Ordered target encoding for high-cardinality categoricals.

# Dict API
result = rs.glm_dict(
    response="ClaimNb",
    terms={
        "Brand": {"type": "target_encoding"},
        "Model": {"type": "target_encoding", "prior_weight": 2.0},
        "Age": {"type": "linear"},
        "Region": {"type": "categorical"},
    },
    data=data, family="poisson", offset="Exposure",
).fit()

# Sklearn-style API
encoder = rs.TargetEncoder(prior_weight=1.0, n_permutations=4)
train_encoded = encoder.fit_transform(train_categories, train_target)
test_encoded = encoder.transform(test_categories)

Key benefits:

  • No target leakage: Ordered target statistics
  • Regularization: Prior weight controls shrinkage toward global mean
  • High-cardinality: Single column instead of thousands of dummies
  • Exposure-aware: For frequency models with offset="Exposure", automatically uses claim rate (ClaimCount/Exposure) instead of raw counts
  • Interactions: Use target_encoding: True in interactions to encode variable combinations

Expression Terms

result = rs.glm_dict(
    response="y",
    terms={
        "age": {"type": "linear"},
        "age2": {"type": "expression", "expr": "age ** 2"},
        "age3": {"type": "expression", "expr": "age ** 3"},
        "income_k": {"type": "expression", "expr": "income / 1000"},
        "bmi": {"type": "expression", "expr": "weight / (height ** 2)"},
    },
    data=data, family="gaussian",
).fit()

Supported operations: +, -, *, /, ** (power)


Regularization

CV-Based Regularization

# Just specify regularization type - cv=5 is automatic
result = rs.glm_dict(
    response="y",
    terms={"x1": {"type": "linear"}, "x2": {"type": "linear"}, "cat": {"type": "categorical"}},
    data=data,
    family="poisson",
).fit(regularization="ridge")  # "ridge", "lasso", or "elastic_net"

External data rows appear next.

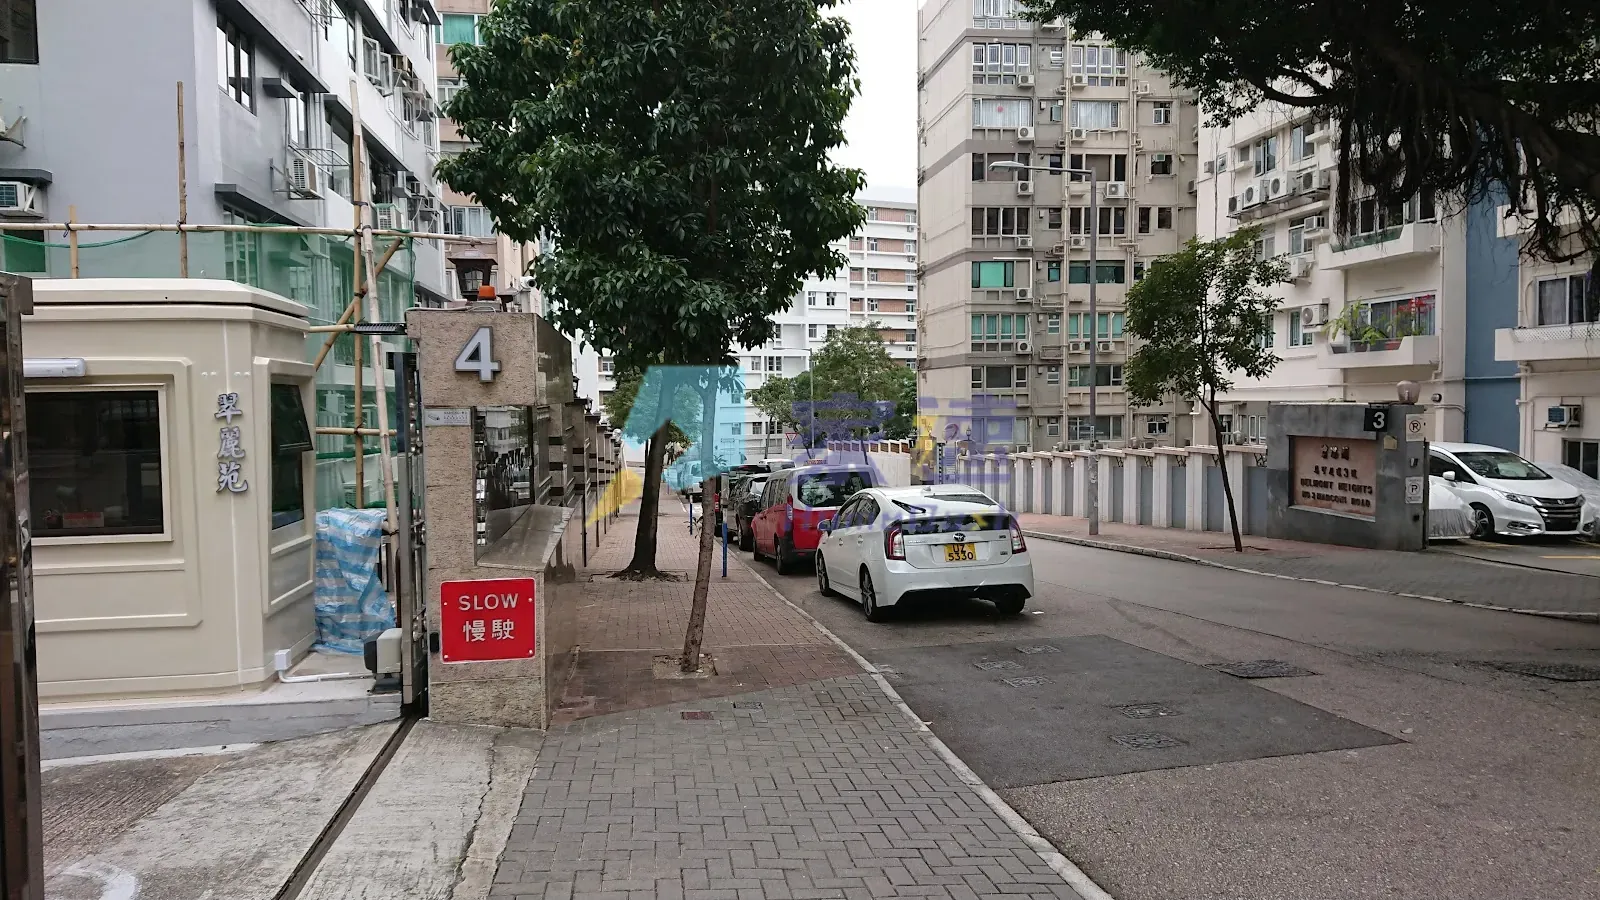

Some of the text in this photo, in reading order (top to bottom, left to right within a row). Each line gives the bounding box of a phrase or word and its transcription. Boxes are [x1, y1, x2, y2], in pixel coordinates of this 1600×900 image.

[453, 325, 502, 383] 4
[1373, 411, 1385, 429] 3
[214, 392, 248, 494] 翠麗苑
[948, 551, 974, 561] 5330
[459, 593, 519, 611] SLOW
[463, 619, 515, 642] 慢駛
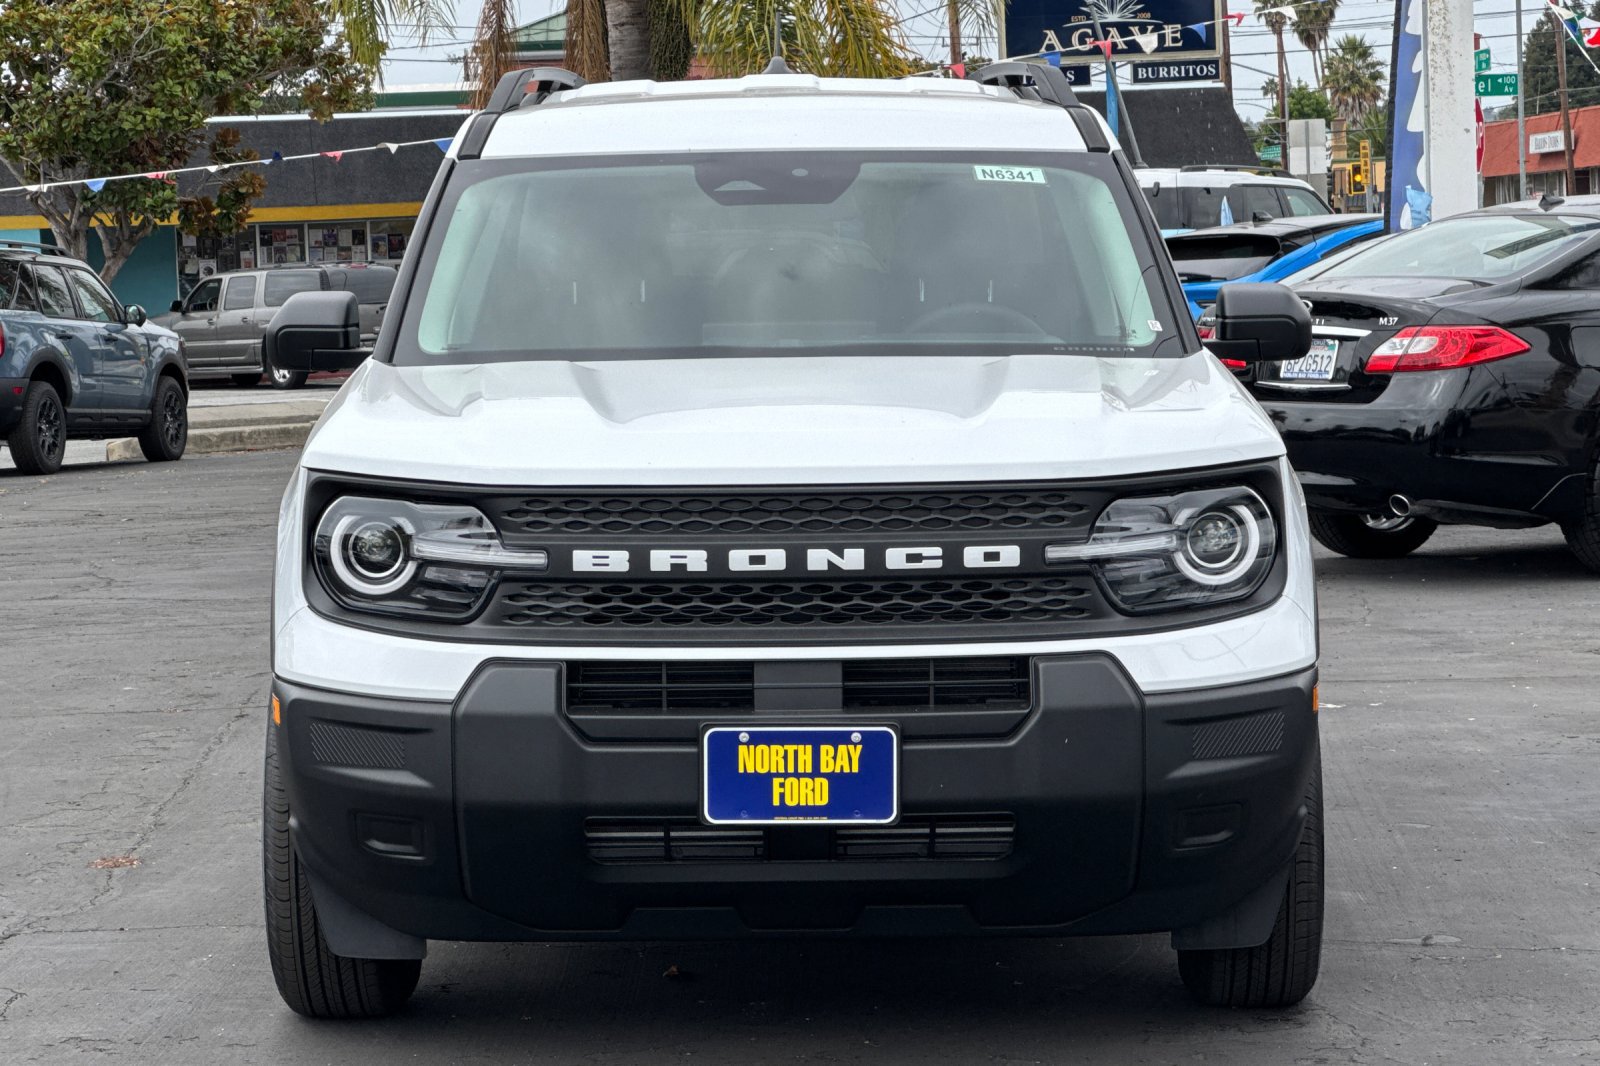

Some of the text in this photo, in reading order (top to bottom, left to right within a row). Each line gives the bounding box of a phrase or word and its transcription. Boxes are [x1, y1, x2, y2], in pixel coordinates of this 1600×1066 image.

[1039, 23, 1184, 53] AGAVE
[1137, 63, 1216, 79] BURRITOS
[1503, 76, 1516, 84] 100
[981, 168, 1035, 182] N6341
[1379, 317, 1399, 326] M37
[572, 545, 1021, 572] BRONCO
[738, 744, 863, 773] NORTH BAY
[772, 777, 829, 806] FORD

print(f"Selected alpha: {result.alpha}")
print(f"CV deviance: {result.cv_deviance}")

Options:

  • regularization: "ridge" (L2), "lasso" (L1), or "elastic_net" (mix)
  • selection: "min" (best fit) or "1se" (more conservative, default: "min")
  • cv: Number of folds (default: 5)

Explicit Alpha

# Skip CV, use specific alpha
result = rs.glm_dict(response="y", terms={"x1": {"type": "linear"}, "x2": {"type": "linear"}}, data=data).fit(alpha=0.1, l1_ratio=0.0)  # Ridge
result = rs.glm_dict(response="y", terms={"x1": {"type": "linear"}, "x2": {"type": "linear"}}, data=data).fit(alpha=0.1, l1_ratio=1.0)  # Lasso
result = rs.glm_dict(response="y", terms={"x1": {"type": "linear"}, "x2": {"type": "linear"}}, data=data).fit(alpha=0.1, l1_ratio=0.5)  # Elastic Net

Lasso Credibility

Shrink model coefficients toward a prior model (complement of credibility) instead of toward zero. Based on the methodology in CAS Monograph 13 (Holmes & Casotto, 2025).

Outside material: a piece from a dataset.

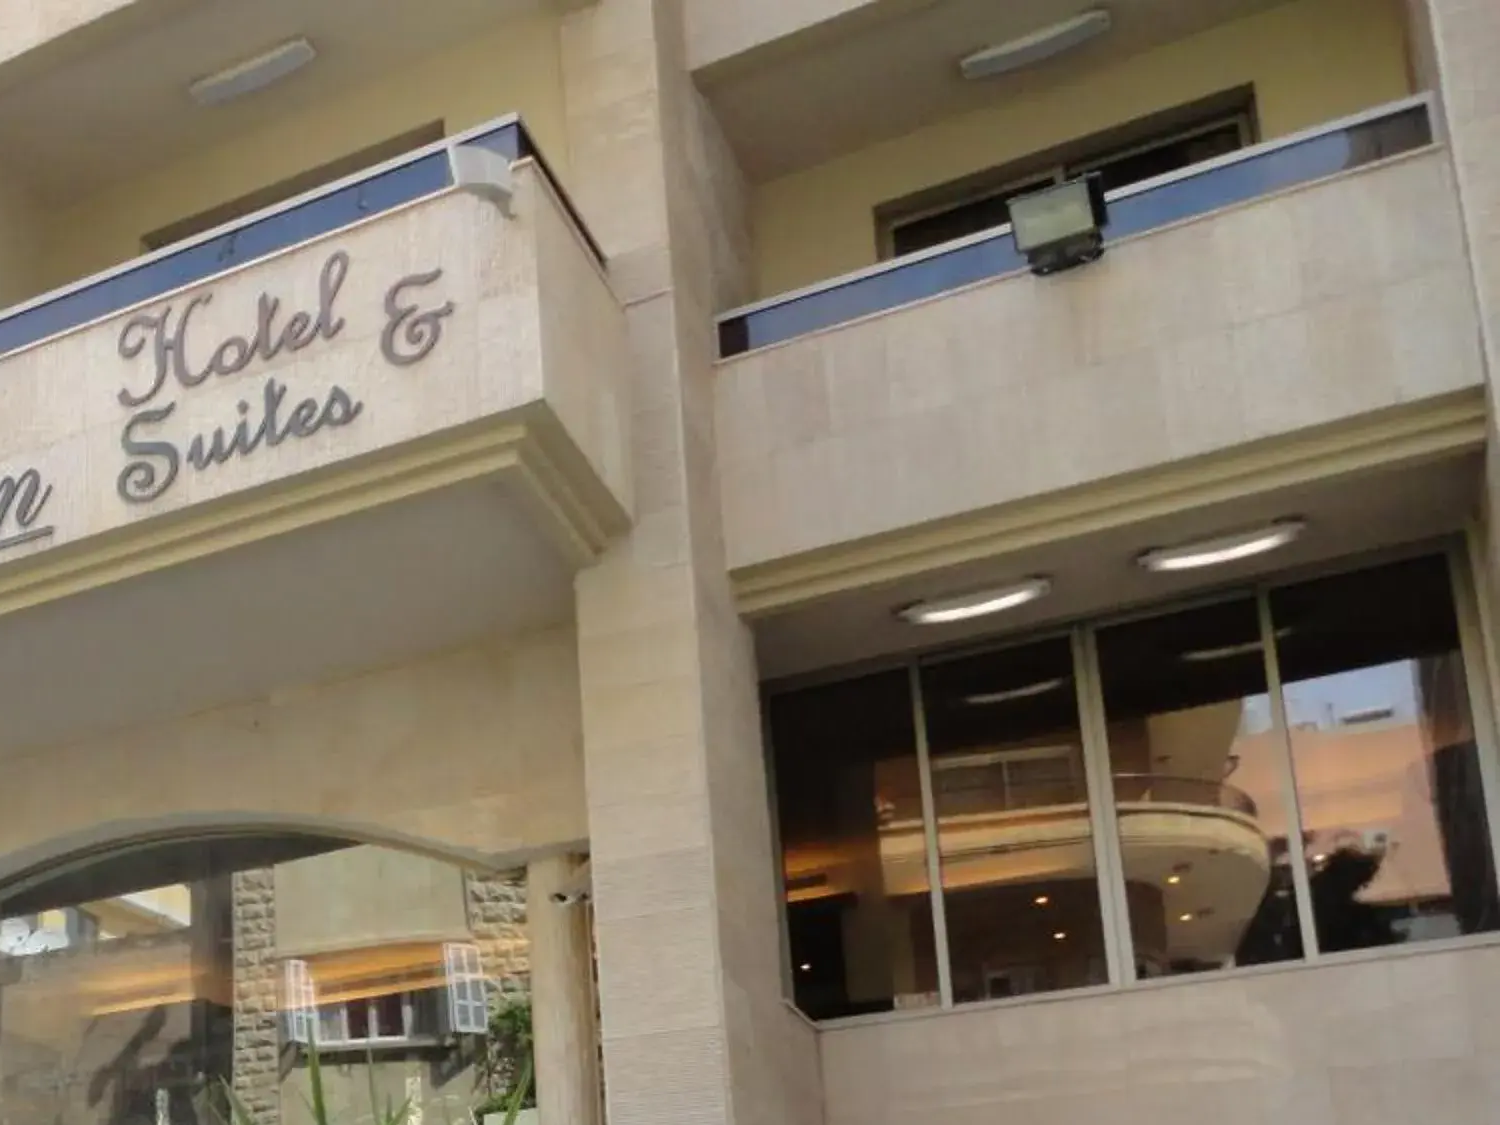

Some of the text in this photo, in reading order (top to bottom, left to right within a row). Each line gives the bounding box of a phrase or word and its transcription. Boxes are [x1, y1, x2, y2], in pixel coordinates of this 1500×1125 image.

[117, 249, 454, 407] Hotel &
[116, 377, 364, 502] Suites

When lasso zeroes a coefficient, the prediction for that term falls back to the complement rather than vanishing — making regularized models directly usable as rating plans.

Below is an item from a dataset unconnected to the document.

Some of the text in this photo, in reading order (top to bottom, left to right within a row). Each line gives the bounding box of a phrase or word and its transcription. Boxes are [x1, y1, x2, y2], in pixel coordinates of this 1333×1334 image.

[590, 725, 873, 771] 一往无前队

# 1. Fit a countrywide (prior) model
cw_result = rs.glm_dict(
    response="ClaimCount",
    terms={"VehAge": {"type": "bs"}, "DrivAge": {"type": "bs"}},
    data=countrywide_data,
    family="poisson",
    offset="Exposure",
).fit()

# 2. Fit a state model with lasso, shrinking toward countrywide rates
state_result = rs.glm_dict(
    response="ClaimCount",
    terms={
        "VehAge": {"type": "bs"},
        "DrivAge": {"type": "bs"},
        "Region": {"type": "categorical"},
    },
    data=state_data,
    family="poisson",
    offset="Exposure",
    complement="countrywide_rate",  # Column with prior rates (response scale)
).fit(regularization="lasso")

# 3. Inspect which terms the data supports vs. trusts the complement
print(state_result.summary())            # Shows "Lasso Credibility Results"
print(state_result.credibility_summary())  # Deviation from complement per term

Complement sources:

  • str — column name in the DataFrame (rates for log-link, probabilities for logit)
  • np.ndarray — array of prior values on the response scale
  • GLMModel — fitted model; predictions are computed automatically

Works with all families/links, splines, categoricals, interactions, and target encoding.


Design Matrix Validation

# Check for issues before fitting
model = rs.glm_dict(
    response="y",
    terms={"x": {"type": "ns", "df": 4}, "cat": {"type": "categorical"}},
    data=data, family="poisson",
)
results = model.validate()  # Prints diagnostics

if not results['valid']:
    print("Issues:", results['suggestions'])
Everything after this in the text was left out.